Industry Application Cases: A Transformation from “Supporting Role” to “Leading Role”

• Automotive Steel: High hardness requirements necessitate extremely high fixed carbon content in carburizers. Graphitized petroleum coke, with its carbon content exceeding 98%, has become the preferred carburizing material for key components such as automotive engine cylinder blocks and gears.
• Nuclear Power Steel: Nuclear power equipment imposes almost stringent purity requirements on steel, with sulfur content needing to be controlled below 0.03%. A supplier once used calcined coke with a sulfur content of 0.3% to impersonate graphitized products, leading to porosity defects in nuclear power equipment and causing an industry-wide uproar. Since then, graphitized petroleum coke has become the “standard equipment” for nuclear power steel.
• Lithium-ion Battery Anode Materials: Graphitized petroleum coke can be further processed to obtain high-purity graphite, which is used to enhance the cycle life of lithium-ion batteries, further expanding its application boundaries.

Future Trends: From “Single Carbon Replenishment” to “Customized Services”

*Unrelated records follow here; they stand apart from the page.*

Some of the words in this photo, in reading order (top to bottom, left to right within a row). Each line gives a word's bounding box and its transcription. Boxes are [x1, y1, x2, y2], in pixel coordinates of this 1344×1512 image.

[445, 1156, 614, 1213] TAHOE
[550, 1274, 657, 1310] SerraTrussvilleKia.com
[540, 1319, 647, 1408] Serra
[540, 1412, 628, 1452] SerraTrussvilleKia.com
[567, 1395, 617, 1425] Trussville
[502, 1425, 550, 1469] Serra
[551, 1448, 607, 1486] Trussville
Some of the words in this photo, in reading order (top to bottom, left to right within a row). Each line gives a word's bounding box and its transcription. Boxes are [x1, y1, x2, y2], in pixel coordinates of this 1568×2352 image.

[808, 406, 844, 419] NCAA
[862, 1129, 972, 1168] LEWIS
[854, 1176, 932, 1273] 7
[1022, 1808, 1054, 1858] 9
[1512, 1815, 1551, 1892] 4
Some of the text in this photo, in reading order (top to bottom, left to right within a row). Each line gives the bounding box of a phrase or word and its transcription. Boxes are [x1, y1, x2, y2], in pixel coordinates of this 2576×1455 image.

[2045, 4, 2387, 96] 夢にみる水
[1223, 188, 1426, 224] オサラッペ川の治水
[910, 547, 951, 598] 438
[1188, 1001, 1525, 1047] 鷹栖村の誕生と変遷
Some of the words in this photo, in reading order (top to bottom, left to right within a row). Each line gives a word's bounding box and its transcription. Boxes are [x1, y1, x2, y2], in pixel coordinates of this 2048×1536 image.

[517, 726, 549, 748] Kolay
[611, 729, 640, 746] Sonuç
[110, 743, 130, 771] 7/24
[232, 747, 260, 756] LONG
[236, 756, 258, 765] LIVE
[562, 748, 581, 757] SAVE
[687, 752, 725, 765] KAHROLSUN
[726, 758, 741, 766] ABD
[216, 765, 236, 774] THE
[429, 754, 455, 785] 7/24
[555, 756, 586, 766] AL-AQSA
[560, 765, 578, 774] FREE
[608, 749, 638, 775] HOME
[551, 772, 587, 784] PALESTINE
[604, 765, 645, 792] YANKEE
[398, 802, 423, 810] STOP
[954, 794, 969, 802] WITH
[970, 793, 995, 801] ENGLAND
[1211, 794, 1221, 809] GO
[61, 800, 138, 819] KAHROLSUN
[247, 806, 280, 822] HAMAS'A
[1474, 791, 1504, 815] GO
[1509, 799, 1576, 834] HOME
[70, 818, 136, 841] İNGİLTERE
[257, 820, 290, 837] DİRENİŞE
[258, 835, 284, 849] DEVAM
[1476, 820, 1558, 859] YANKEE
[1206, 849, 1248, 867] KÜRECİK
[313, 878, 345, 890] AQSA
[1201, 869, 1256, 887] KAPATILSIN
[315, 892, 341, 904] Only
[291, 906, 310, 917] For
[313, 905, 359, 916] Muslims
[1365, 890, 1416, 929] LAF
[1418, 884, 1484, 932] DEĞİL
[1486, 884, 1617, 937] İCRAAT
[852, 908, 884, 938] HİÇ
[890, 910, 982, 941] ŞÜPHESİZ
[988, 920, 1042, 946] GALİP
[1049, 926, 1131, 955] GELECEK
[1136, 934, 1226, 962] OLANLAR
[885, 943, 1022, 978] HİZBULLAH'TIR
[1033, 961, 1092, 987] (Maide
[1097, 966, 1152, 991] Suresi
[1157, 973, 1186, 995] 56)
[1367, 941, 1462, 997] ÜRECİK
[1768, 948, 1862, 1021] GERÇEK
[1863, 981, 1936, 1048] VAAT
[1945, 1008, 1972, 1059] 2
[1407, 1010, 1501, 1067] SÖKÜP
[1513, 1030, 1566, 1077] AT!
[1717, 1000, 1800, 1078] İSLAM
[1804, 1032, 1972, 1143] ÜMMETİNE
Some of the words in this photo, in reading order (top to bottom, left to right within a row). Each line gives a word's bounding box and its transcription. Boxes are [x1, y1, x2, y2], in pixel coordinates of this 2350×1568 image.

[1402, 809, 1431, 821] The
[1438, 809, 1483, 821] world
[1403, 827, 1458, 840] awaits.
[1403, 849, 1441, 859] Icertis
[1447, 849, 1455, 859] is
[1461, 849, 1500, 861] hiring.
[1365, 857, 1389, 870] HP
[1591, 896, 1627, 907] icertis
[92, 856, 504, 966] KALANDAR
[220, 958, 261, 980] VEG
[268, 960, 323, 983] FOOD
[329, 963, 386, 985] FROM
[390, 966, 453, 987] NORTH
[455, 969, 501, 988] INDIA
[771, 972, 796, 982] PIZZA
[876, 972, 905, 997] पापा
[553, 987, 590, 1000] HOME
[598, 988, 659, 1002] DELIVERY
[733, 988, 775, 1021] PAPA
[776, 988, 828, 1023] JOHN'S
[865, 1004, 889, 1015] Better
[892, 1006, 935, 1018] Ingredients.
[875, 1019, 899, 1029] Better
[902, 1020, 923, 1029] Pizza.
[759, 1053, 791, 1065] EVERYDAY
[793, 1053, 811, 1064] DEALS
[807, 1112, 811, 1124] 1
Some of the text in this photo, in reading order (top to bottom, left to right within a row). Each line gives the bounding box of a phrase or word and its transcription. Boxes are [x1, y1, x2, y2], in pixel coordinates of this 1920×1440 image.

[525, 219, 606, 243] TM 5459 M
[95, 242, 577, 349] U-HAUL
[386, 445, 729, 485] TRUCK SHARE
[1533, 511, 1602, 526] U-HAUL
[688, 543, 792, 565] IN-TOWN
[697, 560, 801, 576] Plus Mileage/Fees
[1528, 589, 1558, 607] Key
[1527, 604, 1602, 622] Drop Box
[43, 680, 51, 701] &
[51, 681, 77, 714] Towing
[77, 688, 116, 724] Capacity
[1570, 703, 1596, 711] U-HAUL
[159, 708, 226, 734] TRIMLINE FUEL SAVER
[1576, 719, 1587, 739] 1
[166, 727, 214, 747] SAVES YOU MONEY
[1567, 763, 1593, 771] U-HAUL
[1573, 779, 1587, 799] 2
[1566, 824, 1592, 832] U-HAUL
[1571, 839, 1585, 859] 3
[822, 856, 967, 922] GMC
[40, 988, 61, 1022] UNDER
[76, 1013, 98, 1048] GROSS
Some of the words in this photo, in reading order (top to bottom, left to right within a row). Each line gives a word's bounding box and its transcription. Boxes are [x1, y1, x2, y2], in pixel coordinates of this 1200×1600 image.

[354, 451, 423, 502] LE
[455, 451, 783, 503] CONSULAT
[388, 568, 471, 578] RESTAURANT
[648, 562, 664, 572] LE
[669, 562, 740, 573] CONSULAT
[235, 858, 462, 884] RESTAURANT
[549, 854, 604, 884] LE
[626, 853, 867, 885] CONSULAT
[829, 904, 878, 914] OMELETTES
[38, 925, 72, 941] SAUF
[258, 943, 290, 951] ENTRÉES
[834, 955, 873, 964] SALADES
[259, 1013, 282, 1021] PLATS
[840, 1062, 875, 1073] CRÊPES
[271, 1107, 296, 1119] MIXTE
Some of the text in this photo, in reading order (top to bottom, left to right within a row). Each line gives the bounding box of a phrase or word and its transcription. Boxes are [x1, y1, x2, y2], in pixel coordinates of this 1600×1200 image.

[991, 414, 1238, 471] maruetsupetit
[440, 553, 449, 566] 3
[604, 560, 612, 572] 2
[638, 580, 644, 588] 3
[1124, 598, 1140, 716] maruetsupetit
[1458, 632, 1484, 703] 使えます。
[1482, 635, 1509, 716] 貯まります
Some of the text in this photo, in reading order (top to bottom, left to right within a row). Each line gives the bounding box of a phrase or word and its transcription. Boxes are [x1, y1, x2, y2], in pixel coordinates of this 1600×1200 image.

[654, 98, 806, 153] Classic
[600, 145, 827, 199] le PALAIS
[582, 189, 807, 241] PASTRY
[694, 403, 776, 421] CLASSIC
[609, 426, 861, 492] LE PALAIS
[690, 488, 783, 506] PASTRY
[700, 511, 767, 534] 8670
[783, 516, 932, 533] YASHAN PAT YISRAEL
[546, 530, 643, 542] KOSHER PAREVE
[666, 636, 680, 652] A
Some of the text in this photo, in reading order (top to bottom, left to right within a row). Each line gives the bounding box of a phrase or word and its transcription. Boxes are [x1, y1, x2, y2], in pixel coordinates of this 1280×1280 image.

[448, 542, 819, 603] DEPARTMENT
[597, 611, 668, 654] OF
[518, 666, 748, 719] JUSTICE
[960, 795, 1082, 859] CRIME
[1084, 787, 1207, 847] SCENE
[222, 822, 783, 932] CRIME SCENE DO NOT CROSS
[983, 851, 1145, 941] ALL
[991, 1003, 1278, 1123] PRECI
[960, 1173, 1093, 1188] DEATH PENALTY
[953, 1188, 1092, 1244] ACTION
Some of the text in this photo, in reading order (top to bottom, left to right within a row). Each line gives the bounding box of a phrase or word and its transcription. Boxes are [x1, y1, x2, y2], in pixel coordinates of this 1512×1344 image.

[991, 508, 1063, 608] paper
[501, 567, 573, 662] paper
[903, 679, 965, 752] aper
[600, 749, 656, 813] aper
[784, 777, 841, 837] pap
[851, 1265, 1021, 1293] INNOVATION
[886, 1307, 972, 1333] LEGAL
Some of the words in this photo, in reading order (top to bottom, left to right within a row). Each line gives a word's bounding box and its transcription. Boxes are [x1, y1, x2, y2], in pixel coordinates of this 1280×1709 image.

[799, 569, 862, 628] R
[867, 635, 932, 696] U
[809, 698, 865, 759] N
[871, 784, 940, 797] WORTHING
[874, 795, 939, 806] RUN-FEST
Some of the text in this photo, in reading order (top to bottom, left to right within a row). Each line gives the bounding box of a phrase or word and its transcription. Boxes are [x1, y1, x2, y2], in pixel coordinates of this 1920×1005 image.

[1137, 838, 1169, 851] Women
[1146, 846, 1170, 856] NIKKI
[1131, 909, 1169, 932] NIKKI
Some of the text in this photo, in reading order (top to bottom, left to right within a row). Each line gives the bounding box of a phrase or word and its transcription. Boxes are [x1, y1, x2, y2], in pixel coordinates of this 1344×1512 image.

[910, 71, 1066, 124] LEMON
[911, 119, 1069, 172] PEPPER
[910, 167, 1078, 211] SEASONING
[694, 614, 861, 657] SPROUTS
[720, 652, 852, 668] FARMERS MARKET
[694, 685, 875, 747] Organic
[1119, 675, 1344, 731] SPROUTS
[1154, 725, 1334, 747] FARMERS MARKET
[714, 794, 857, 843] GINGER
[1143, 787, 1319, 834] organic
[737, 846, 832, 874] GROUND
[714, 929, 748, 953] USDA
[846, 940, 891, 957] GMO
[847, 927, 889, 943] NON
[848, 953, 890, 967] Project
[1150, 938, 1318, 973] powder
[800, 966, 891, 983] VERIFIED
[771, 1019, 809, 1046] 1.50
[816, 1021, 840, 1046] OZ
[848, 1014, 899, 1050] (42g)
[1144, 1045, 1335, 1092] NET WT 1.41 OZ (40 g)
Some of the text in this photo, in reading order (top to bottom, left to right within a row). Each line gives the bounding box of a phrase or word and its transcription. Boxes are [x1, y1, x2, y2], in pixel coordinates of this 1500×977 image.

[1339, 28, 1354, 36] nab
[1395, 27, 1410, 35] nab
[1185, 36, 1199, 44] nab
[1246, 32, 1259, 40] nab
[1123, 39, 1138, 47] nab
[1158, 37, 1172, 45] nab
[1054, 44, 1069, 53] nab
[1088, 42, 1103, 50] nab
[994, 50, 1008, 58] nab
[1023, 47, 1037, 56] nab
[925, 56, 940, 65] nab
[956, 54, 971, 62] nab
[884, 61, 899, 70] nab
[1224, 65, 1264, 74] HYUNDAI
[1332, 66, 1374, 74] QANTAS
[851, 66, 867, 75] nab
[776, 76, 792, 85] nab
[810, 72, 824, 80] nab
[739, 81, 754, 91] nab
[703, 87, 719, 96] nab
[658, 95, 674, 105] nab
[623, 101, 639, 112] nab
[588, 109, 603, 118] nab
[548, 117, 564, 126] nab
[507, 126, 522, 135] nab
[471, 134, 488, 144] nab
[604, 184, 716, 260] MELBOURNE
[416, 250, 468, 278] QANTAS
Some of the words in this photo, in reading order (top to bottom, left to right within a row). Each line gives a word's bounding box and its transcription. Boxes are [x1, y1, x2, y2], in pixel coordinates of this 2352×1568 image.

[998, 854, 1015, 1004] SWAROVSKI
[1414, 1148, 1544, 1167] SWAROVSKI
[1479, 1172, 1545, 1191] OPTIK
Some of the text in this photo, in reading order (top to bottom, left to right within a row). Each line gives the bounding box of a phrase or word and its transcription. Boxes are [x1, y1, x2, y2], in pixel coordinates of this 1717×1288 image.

As the steel industry continuously raises its requirements for product quality, the application of graphitized petroleum coke is evolving from “standardization” to “customization.” For example:

• Particle Size Grading: Coarse particles are used for long-lasting carbon replenishment, while fine powders are used for rapid carbon adjustment, meeting the needs of different smelting scenarios.
• Composition Customization: Adjusting sulfur and nitrogen impurity content according to the characteristics of steel grades, such as low sulfur for construction steel to enhance toughness and high carbon for automotive steel to increase hardness.
• Digital Traceability: Implementing transparency in the production process through blockchain technology, allowing customers to scan codes and view information such as raw material sources, graphitization temperatures, and quality inspection reports, eliminating the risk of counterfeit products.